Why Does Labor and Industries Cover Hearing Aids?
It doesn’t just cover hearing aids for anyone. You have to show that your hearing loss was, more likely than not, caused by an on-the-job injury. Your injury could be noise-induced hearing loss from a single event or repeated exposure over time. Your hearing loss could be from one particular job, or from noise you were exposed to at multiple jobs. But Labor and Industries does recognize hearing loss as an on-the-job injury. And that’s why they cover hearing aids to help you hear better.
What Does L&I Cover?
You’ll have more than just the hearing aids covered under your Labor and Industries claim. You’ll be able to get your hearing aids cleaned and get stocked up on batteries every 3 months. Your follow-up services, like repairs and reprogramming, will also be covered. And if your hearing aids break down and need to be replaced, they’ll cover replacements once every 6 years. The main thing they will not cover is loss or damage beyond repair. So, as long as you don’t lose your hearing aids or destroy them, you’ll be completely covered under your claim.

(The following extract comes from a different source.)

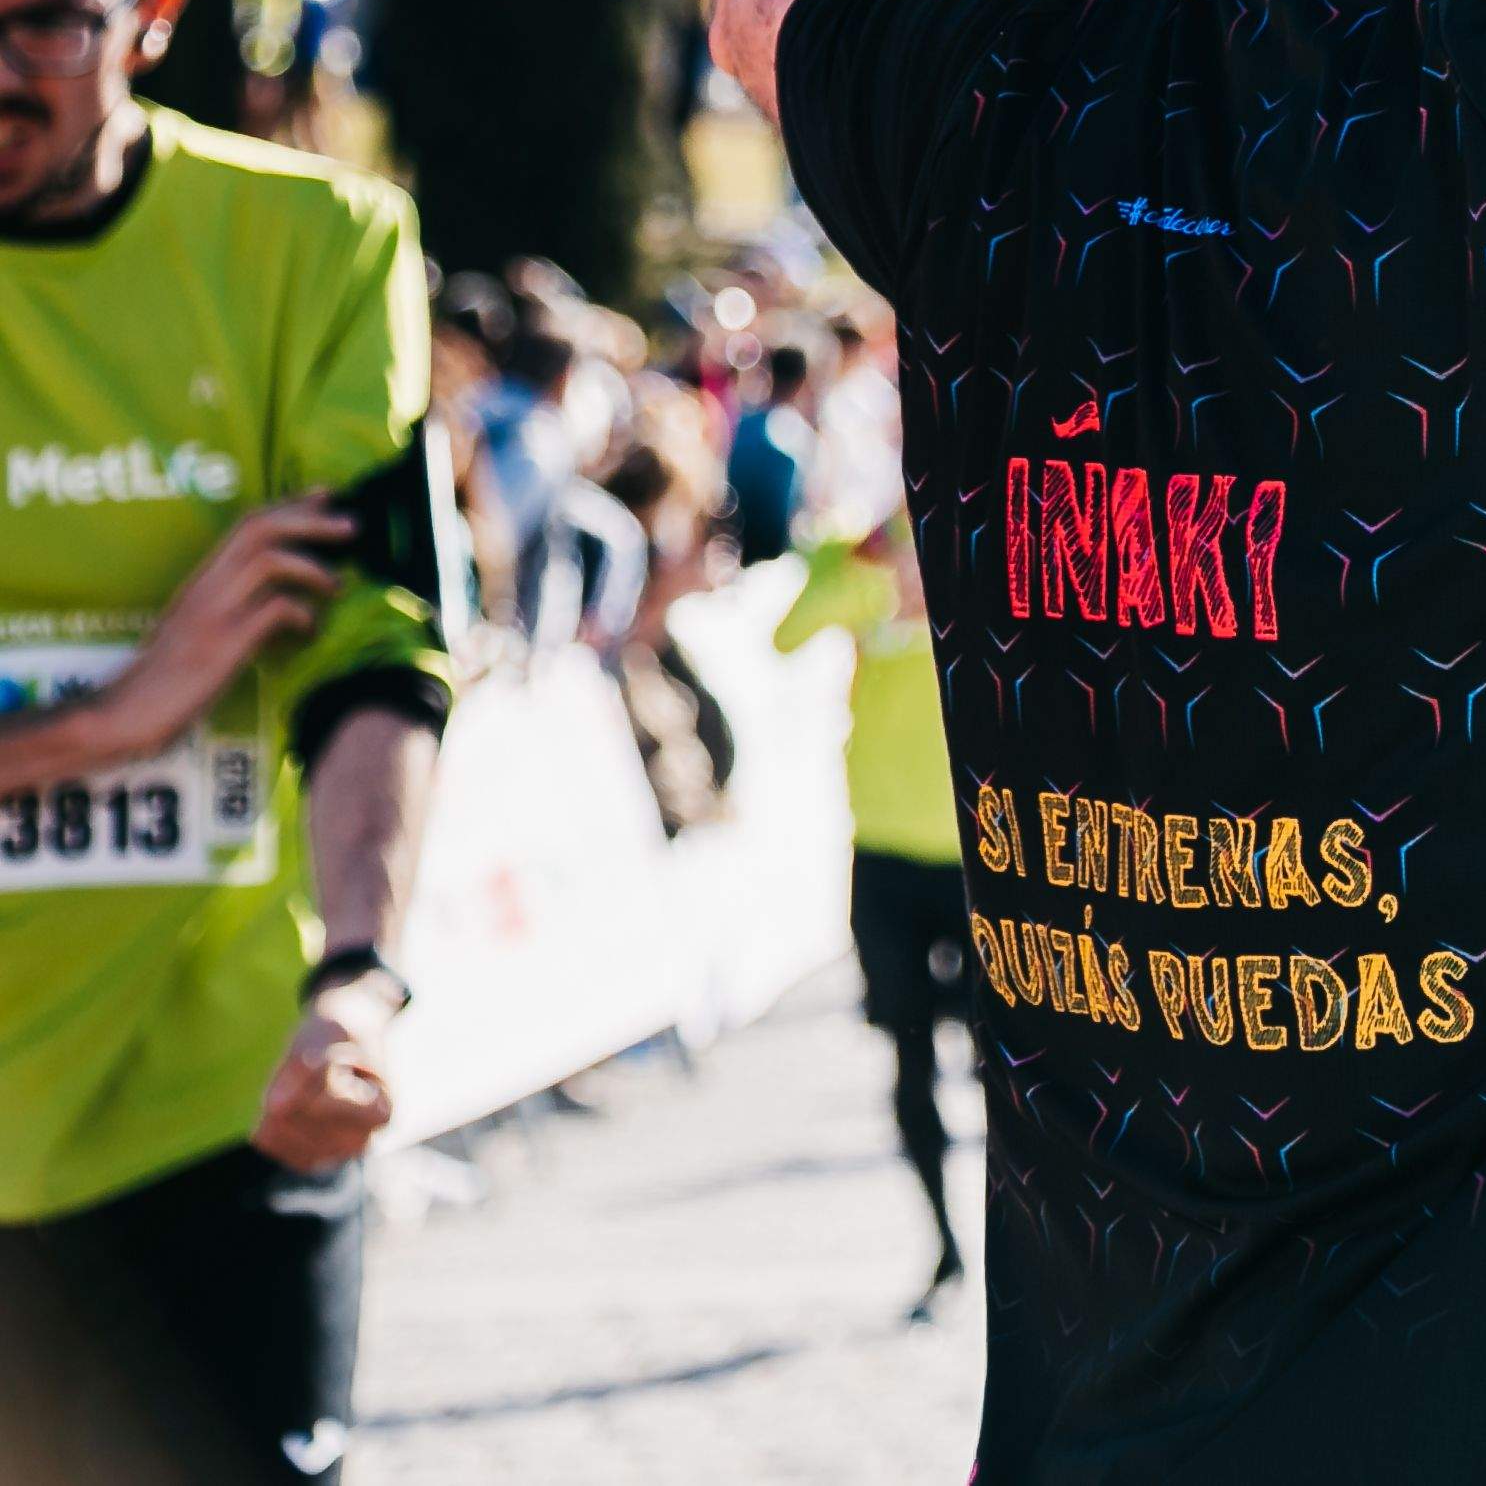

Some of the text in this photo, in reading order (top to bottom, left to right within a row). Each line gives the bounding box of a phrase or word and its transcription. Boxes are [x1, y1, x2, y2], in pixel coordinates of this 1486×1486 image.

How Do I Know If I’m Eligible for Labor and Industries?
You’ll need to start with a hearing test. You might already have had some tests at work if you worked in a noisy profession. Those old tests will be helpful for comparison, so bring them to your appointment. You should also try and write a detailed history of where you worked and when. And include details like the kind of equipment you used. You audiologist will review your current and older tests, and your work history, to see whether you might have a valid claim to Labor and Industries. Sometimes it’s obviously a noise-induced hearing loss because of the degree or configuration, but it’s hard to tell based on the history alone.
How Do I Prevent Injury?
Talk to your employer! They should have a hearing conservation program in place already. Their conservation program should include things like annual hearing screenings, earplugs or earmuffs (and instruction on how to use them), and regular review of noise levels at work. If they don’t already have a program in place, we provide OSHA-compliant hearing screenings for employees.